De toegang tot het zuidelijke deel van de stad wordt verdedigd door een grote Duitse versterkte positie, gecodeerd als Wn 12 (door de Britten “Daimler Batterij” genoemd), gelegen nabij de watertoren. Aanvankelijk een door paarden getrokken batterij, werd Wn 12 uiteindelijk uitgerust met vier geschutsbunkers met aangrenzende bunkers en bewapend door de 4e Batterij van het 1716e Artillerieregiment (716e Infanterieregiment) en bestond uit vier 155mm SFH 414 (f) kanonnen.

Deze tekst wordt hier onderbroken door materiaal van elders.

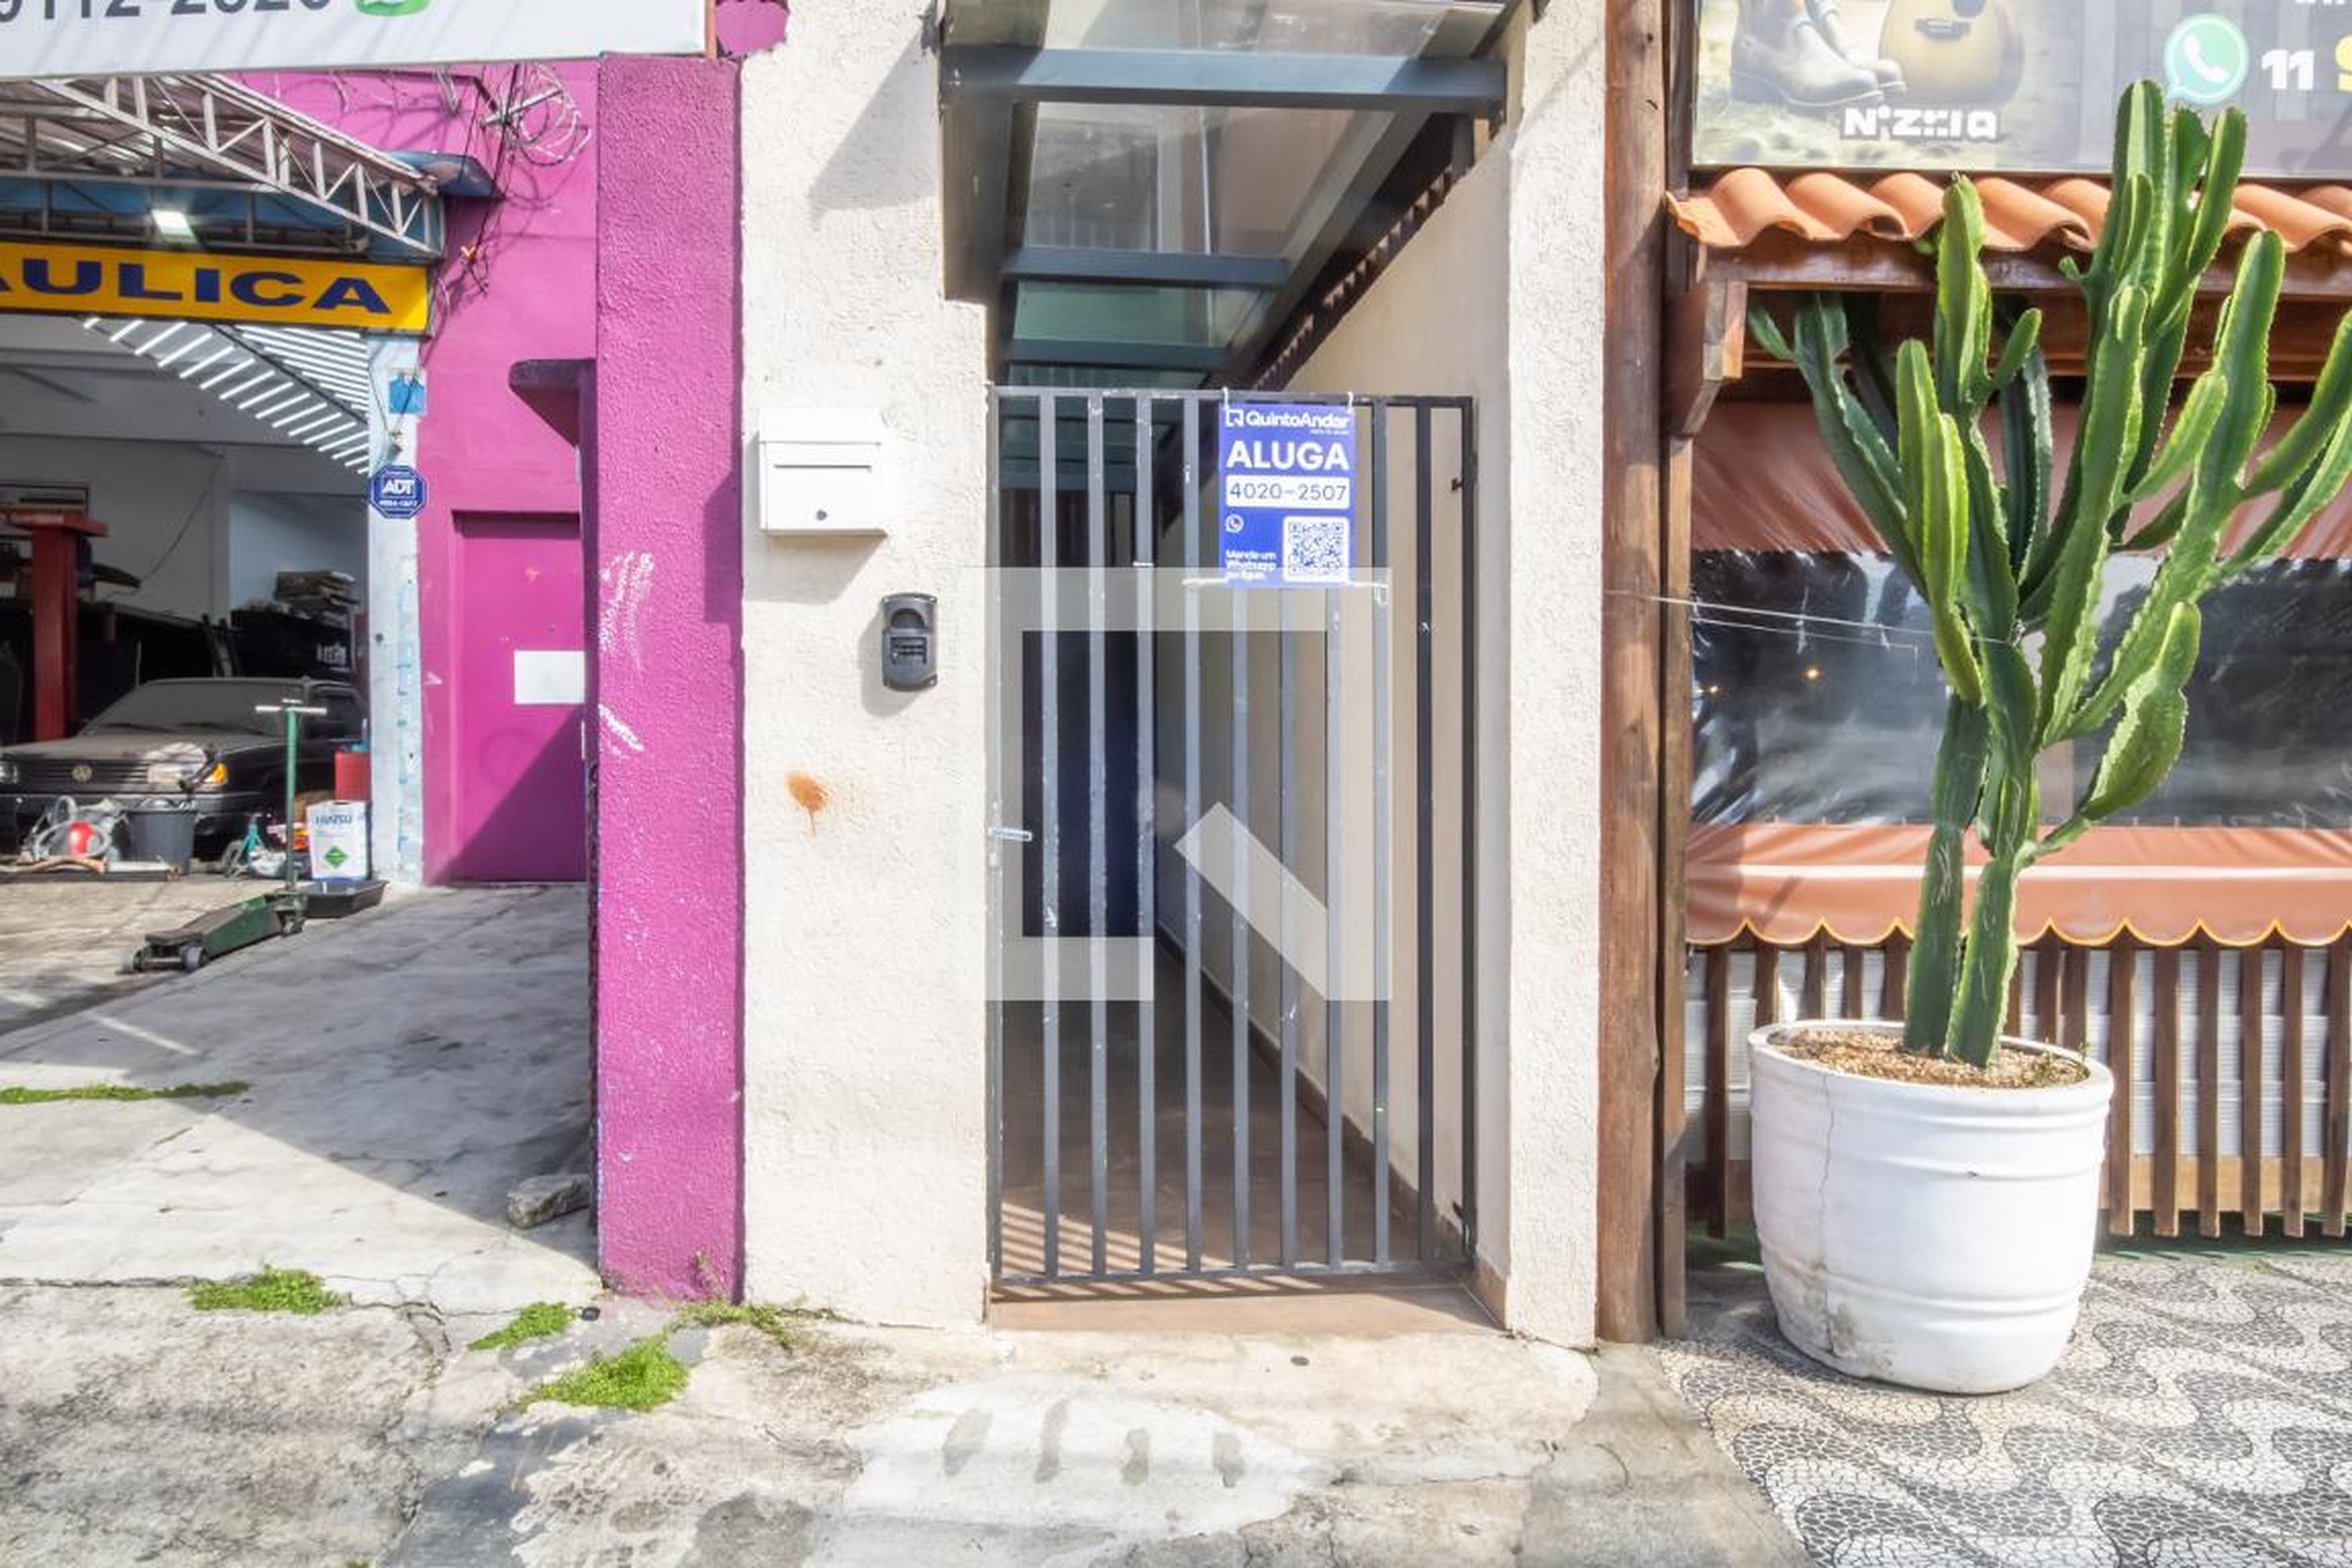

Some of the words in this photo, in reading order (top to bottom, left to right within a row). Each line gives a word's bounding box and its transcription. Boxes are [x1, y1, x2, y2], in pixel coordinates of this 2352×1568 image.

Gezien de omvang van de stad waren de geallieerden niet van plan om recht tegenover het dorp te landen, maar wilden ze eerst 1500 meter verder naar het westen voet aan de grond zetten bij La Brèche d’Hermanville (waar de bevolkingsdichtheid lager was), en vervolgens Ouistreham en de verschillende versterkingen innemen door middel van een omtrekkende beweging. De Frans-Britse commando’s van de 1e Special Service Brigade kregen de opdracht deze manoeuvre op D-Day uit te voeren.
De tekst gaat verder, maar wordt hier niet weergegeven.